1.03.2013

Breathe through it

Have you ever tried to breathe through a straw? Next time you have one in your drink, give it a try. You'll try to suck in air as hard as you can, but you can't seem to get enough oxygen. Take a few breaths like this, and see how you feel. Your chest and throat muscles will begin to tighten, and soon enough your entire body will begin to tense and feel the threat of not taking in enough breath.

Breath is life. In yoga breath is also called "prana" or life force energy. Without breath, there is no life. Breath moves oxygen and energy through the body, and when it is constricted, the entire body feels this lack.

I know all about this tightness of breath, because it is one of the awesome symptoms of anxiety. Feeling anxious means feeling like someone is standing on your chest, and no amount of sighing or belly breathing can release that pressure. A few days of breathing like this and the entire body starts to feel it.

I was about eleven years old the first time I experienced this breathing frustration. For an active kid with no asthma in my family, feeling like I couldn't breathe deeply enough was scary. Little did I know I would spend another decade before I understood it was chemicals in my brain causing me to struggle for air.

I am once again caught in a bout of anxiety. This time, I'm a yoga teacher. This time I know the tools. I know the breathing routine, I know the chakras to open, I know the poses, but nothing is working. Not a single thing. And part of me has to accept that no amount of knowledge will liberate me from something as powerful as a malady of the brain.

Talking through it with friends, everyone offers the same advice: get to the root of the problem.

Ah, why yes! How simple?! Right?

No.

Look, sometimes it's just not that simple. It's not always about uncovering some latent issue. Sometimes anxiety or depression do stem from a specific issue one is not ready or willing to confront, but other times it's just because you were born that way. Some of us got screwed in the genetic lottery. If a friend had asthma, would you recommend they find the root of the problem and get past it? I understand that there is a lack of understanding or awareness of how the brain functions and how inherited brain chemistry can be a factor one's suffering, but it is time that both I and others stop assuming it is all in my head. Some things in life just can't be rationalized that easily.

1.02.2013

Holidaze.

my break turned me all kinds of upside down. how was yours?
Holiday break! Always a roller coaster of emotions as I take that lovely nostalgic trip down memory lane. Drudging up all the crap from the past that I thought I had left in my wake, those events that shaped and also hardened me, make their way back to haunt me, taking multiple forms for a less-than-stellar mindfuck. 
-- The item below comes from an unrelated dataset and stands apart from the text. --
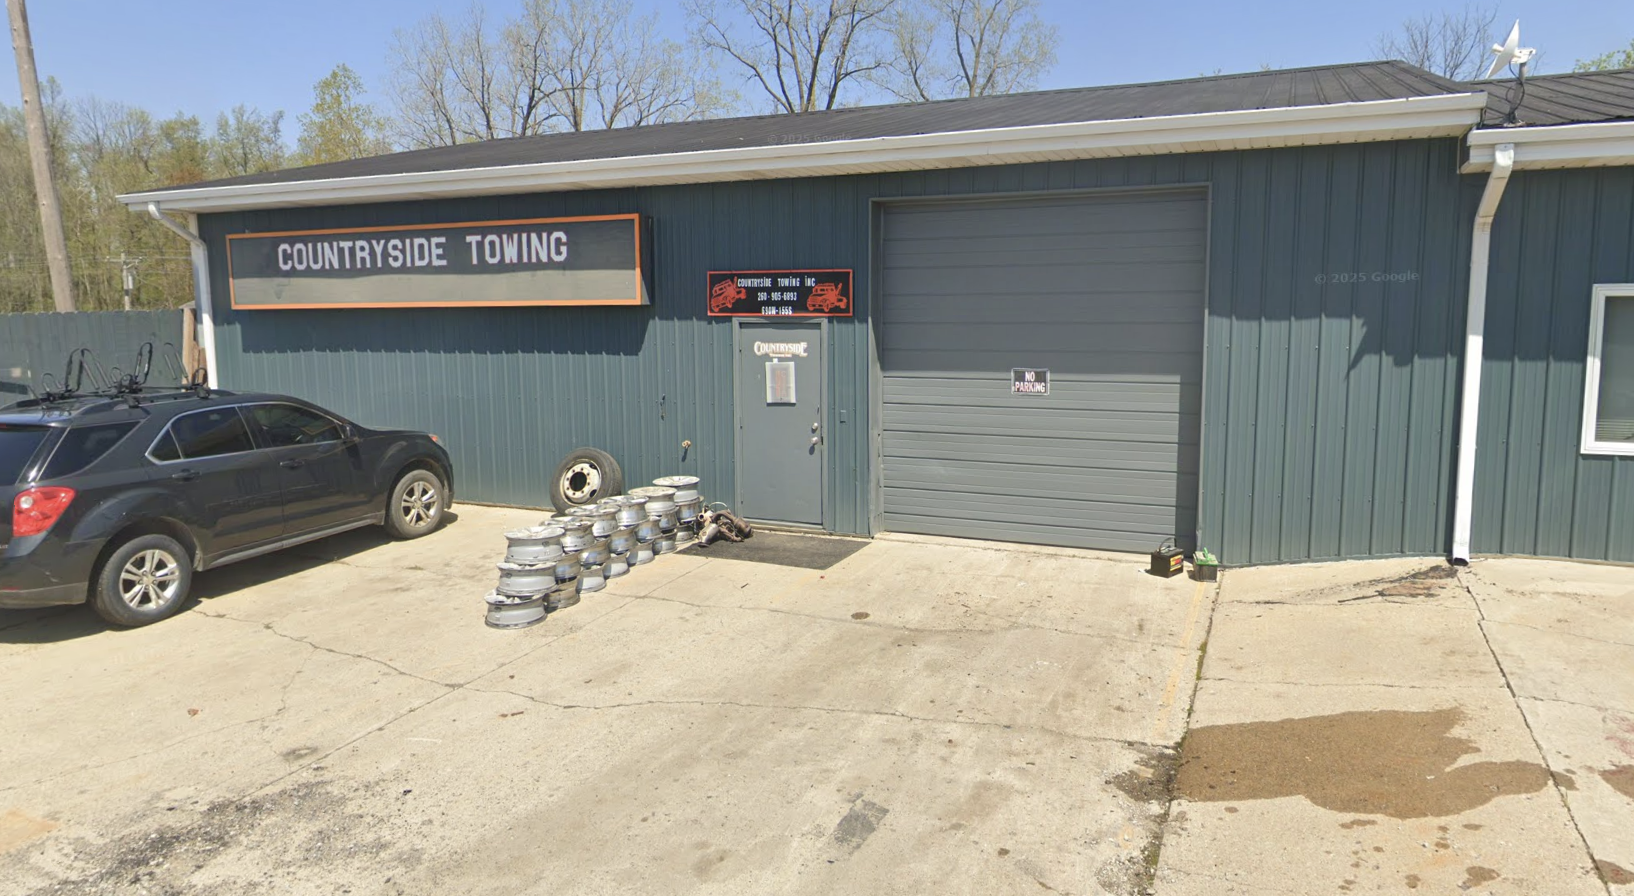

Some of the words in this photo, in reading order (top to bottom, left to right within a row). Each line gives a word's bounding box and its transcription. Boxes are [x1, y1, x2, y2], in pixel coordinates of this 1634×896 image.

My holiday break felt slightly off with both of my sisters absent and tending to their new families. My singledom thus became the forefront of nearly every conversation. As a single 28-year-old female, especially in the south, I had to answer a lot of questions regarding my wanderlust lifestyle. 

Holding my friend's newborn, I was forced to confront the question of whether or not I made the right decision in following my passions and remaining a self-reliant and adventurous woman, or if I would be happier settling down, or just settling. 
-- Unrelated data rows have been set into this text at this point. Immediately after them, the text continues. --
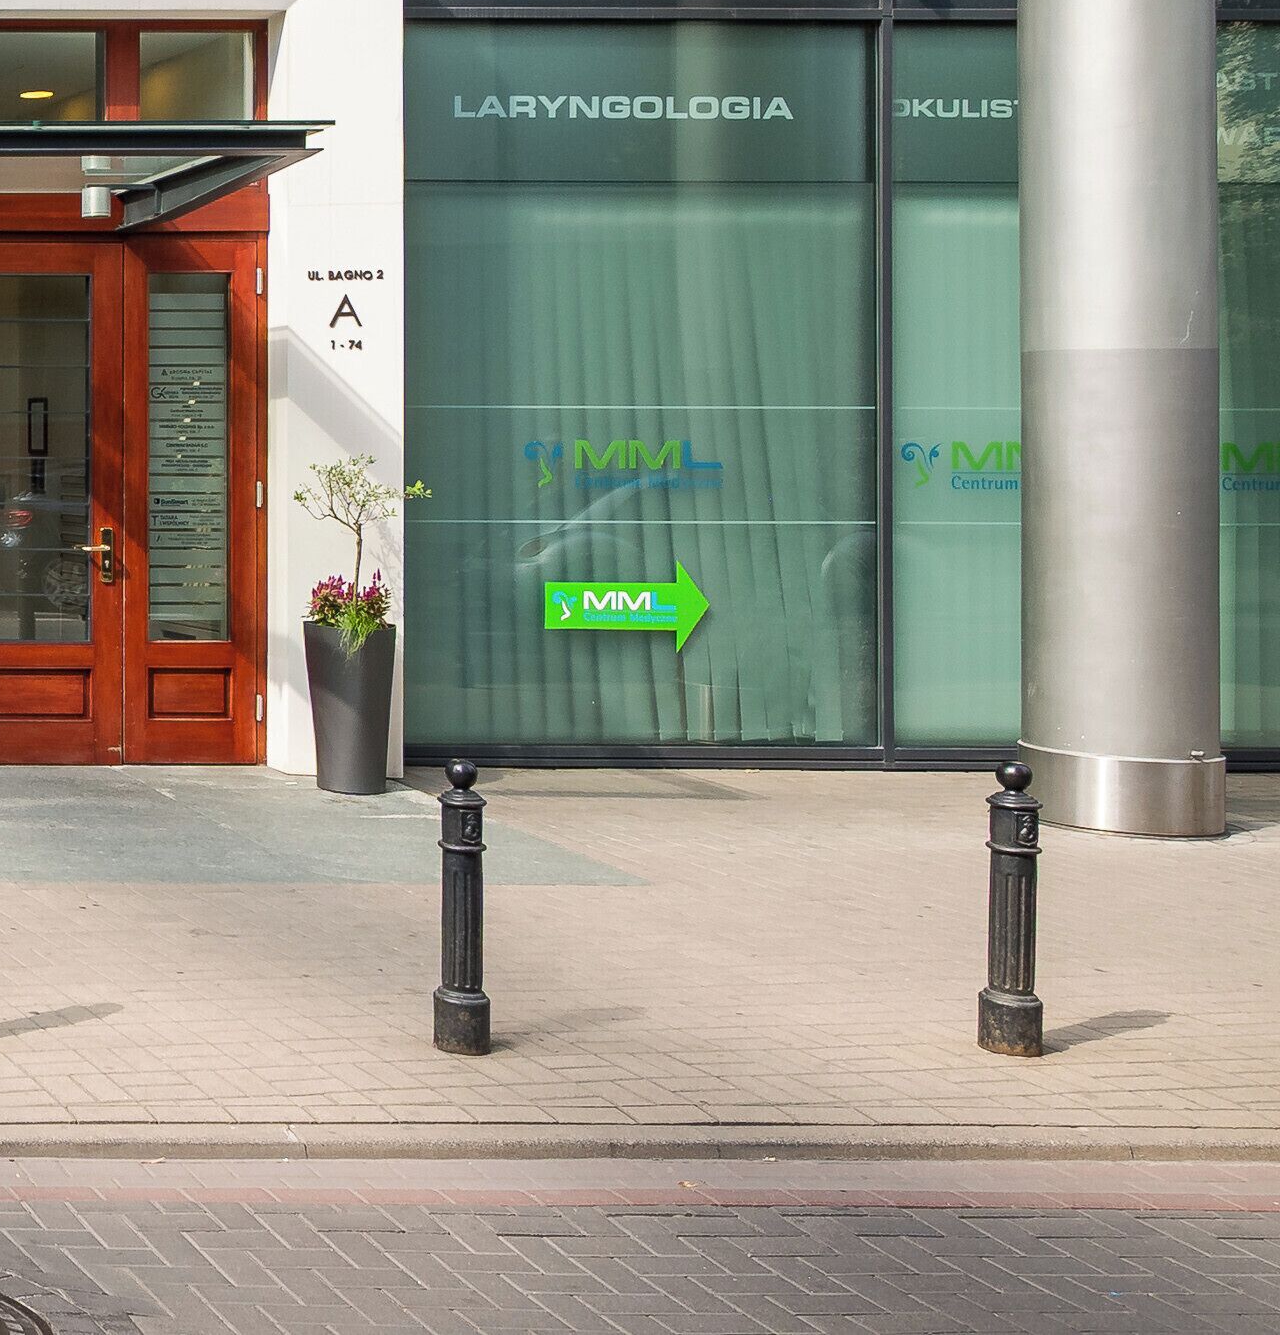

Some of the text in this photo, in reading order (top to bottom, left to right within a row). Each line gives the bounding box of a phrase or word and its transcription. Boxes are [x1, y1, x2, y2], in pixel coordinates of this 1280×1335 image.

[454, 95, 794, 120] LARYNGOLOGIA
[892, 98, 1018, 118] OKULIS
[307, 269, 385, 281] UL. BAGNO 2
[329, 293, 363, 328] A
[330, 339, 336, 351] 1
[348, 339, 363, 351] 74
[575, 439, 724, 470] MML
[951, 475, 1018, 490] Centrum
[583, 590, 676, 611] MML
To add a layer of confusion to my augmenting anxiety, my emotional blasts-from-the-past seemed to be centered on the theme of my cheating ex-boyfriend who ripped my heart out in my mid-twenties. Being older and wiser, I like to think I have let go of the pain and anguish I suffered for nearly 5 years as I was held captive by my love for a guy who would never love me the way I deserved, and never love only me.  

Even at a New Year's Eve party, a random friend-of-a-friend I met looked at me with the kind of recognition that a girl only gives when she knows she's done something behind your back with your man. As we reviewed how she seemed to know me and I not her, it became clear to me that she had probably been among the many "other women." And once again the emotions of being duped by someone I loved came rushing back. I felt my breath shorten, as if someone were standing on my chest. 


. . . 

I'm a scorpio. By nature, when I love, I love hard. I am the kind of person who you want on your side, not only for my unwavering loyalty, but also because the vengeful nature of scorpios means you do not want us as an enemy. 
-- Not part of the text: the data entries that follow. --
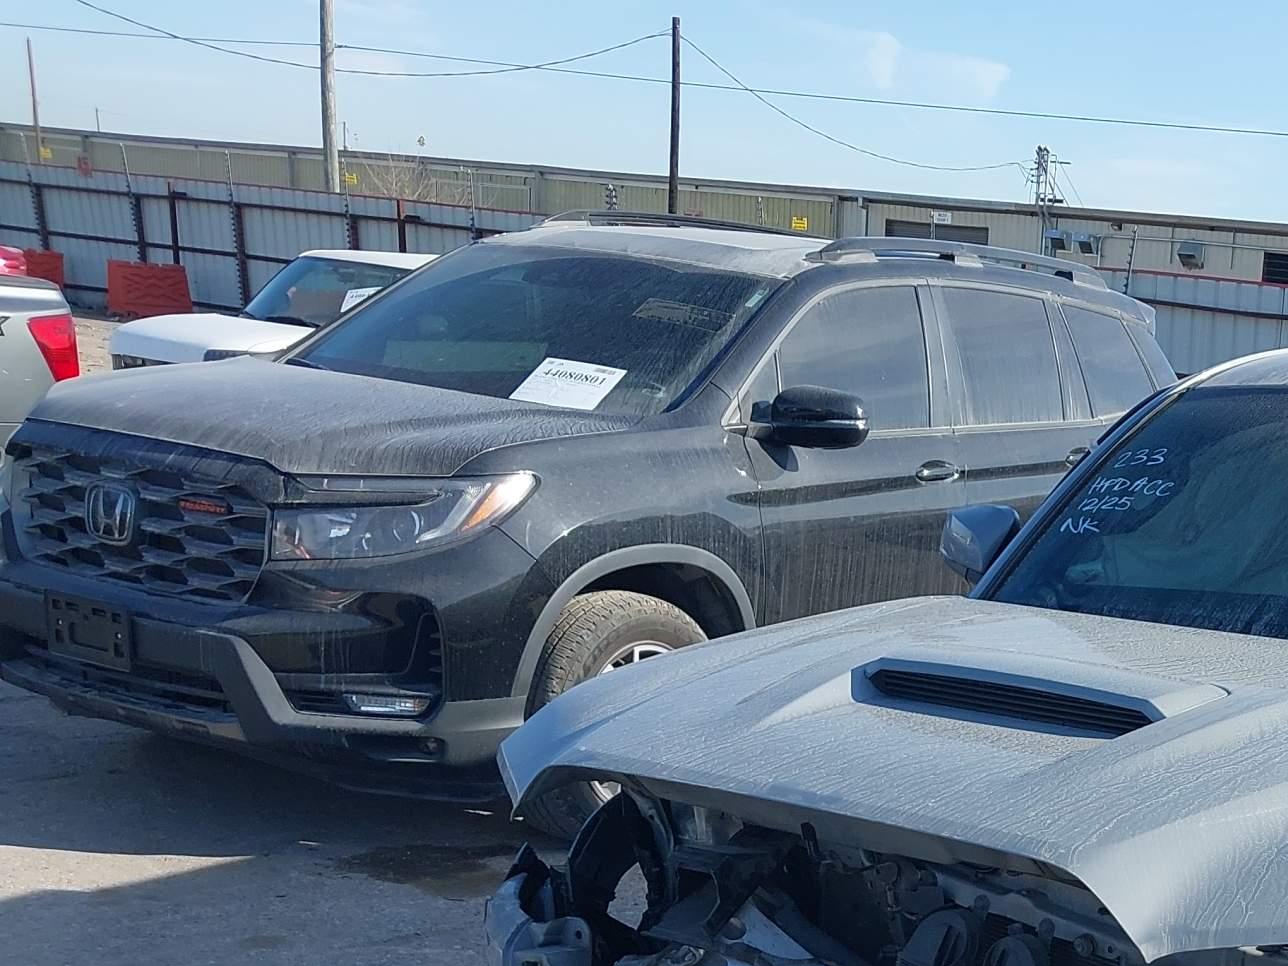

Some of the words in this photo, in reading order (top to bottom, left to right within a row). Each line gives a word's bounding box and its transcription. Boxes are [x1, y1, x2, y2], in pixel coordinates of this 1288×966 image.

[543, 367, 608, 386] 44080801
[1114, 448, 1168, 468] 233
[1078, 495, 1135, 513] 12/25
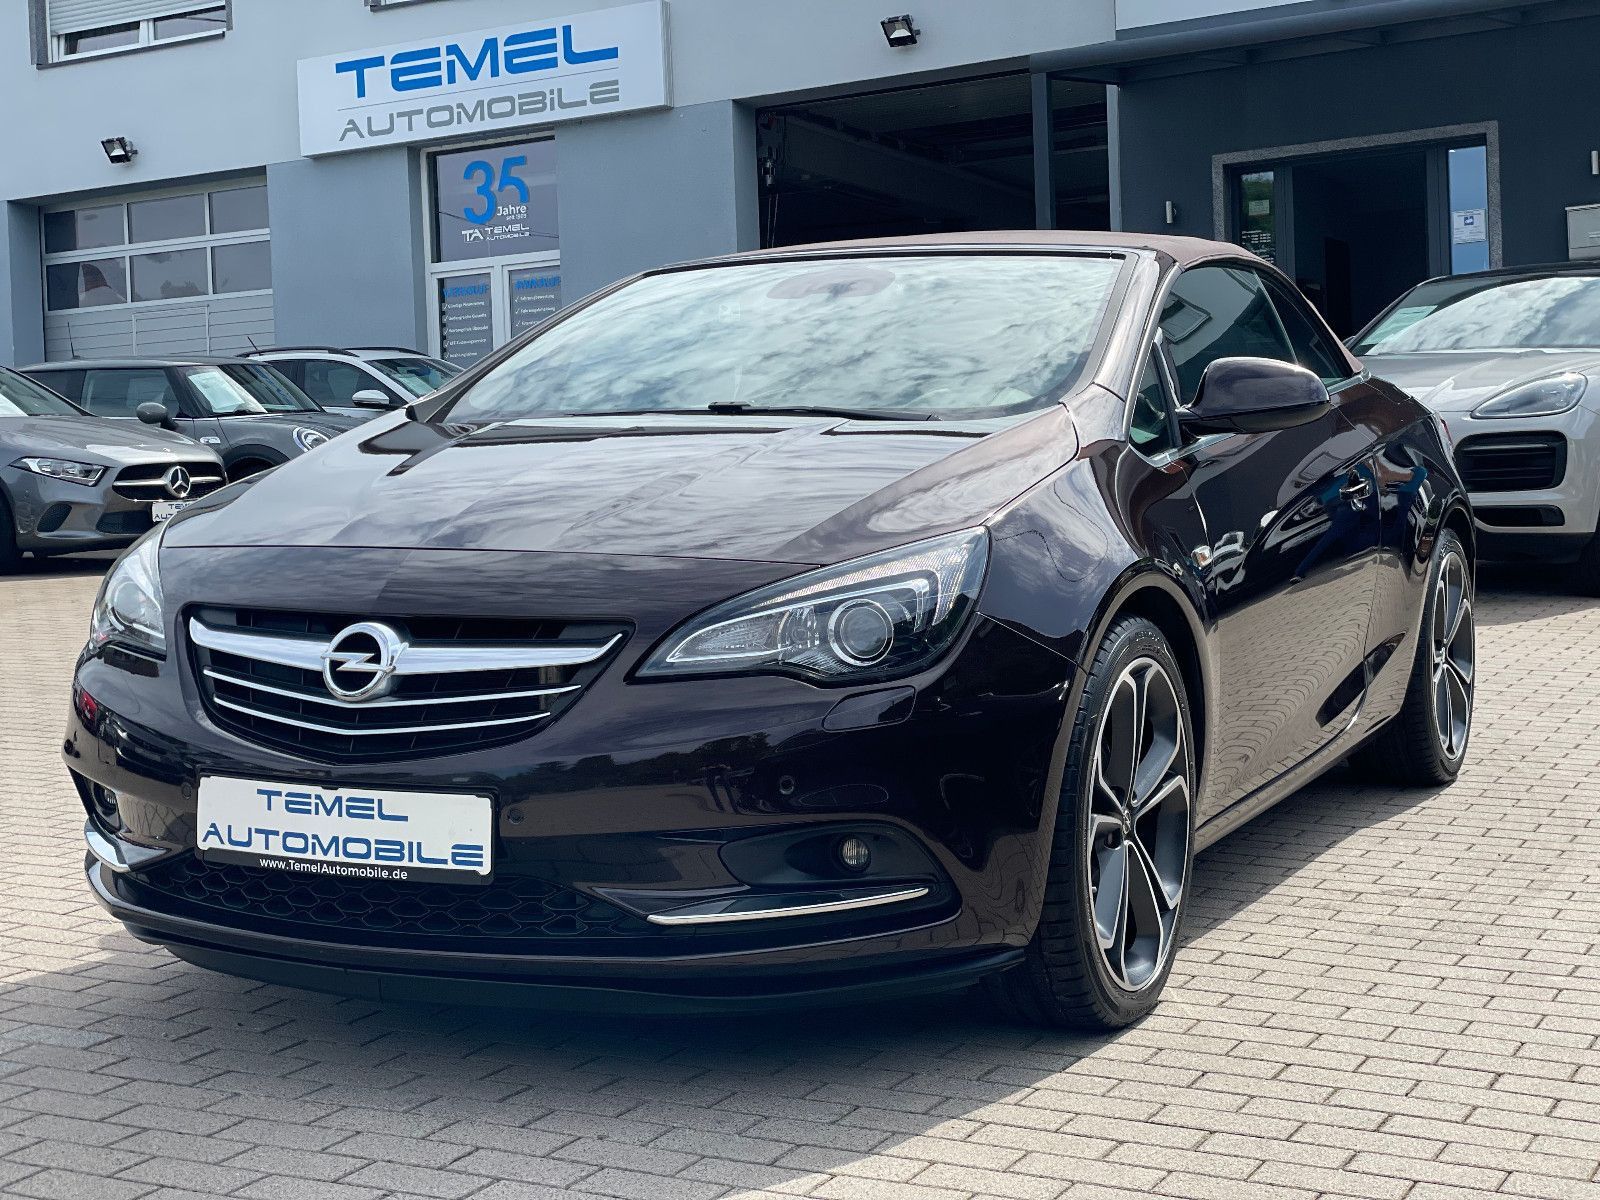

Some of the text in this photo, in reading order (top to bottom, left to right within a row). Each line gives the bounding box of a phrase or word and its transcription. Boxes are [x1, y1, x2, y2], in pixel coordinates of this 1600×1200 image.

[335, 24, 619, 98] TEMEL
[463, 155, 530, 225] 35
[497, 204, 527, 216] Jahre
[462, 228, 484, 242] TA
[485, 223, 530, 235] TEMEL
[257, 788, 409, 822] TEMEL
[202, 822, 484, 867] AUTOMOBILE
[259, 857, 408, 880] www.TemelAutomobile.de
With hard loving comes a very selective entourage, and most of my friends remain friends for life. For the same reason I hate small talk and parties, I love an intense friendship where I can sense your needs before you even know what you need. 

But I can't love again yet, and it makes me sick. I want nothing more than to do away with the hurt that a stupid boy caused me. I want nothing more than to NEVER think about that hurt ever again, and more importantly, to never blog about a boy hurting me. That's just gross and so not my style. But here we are.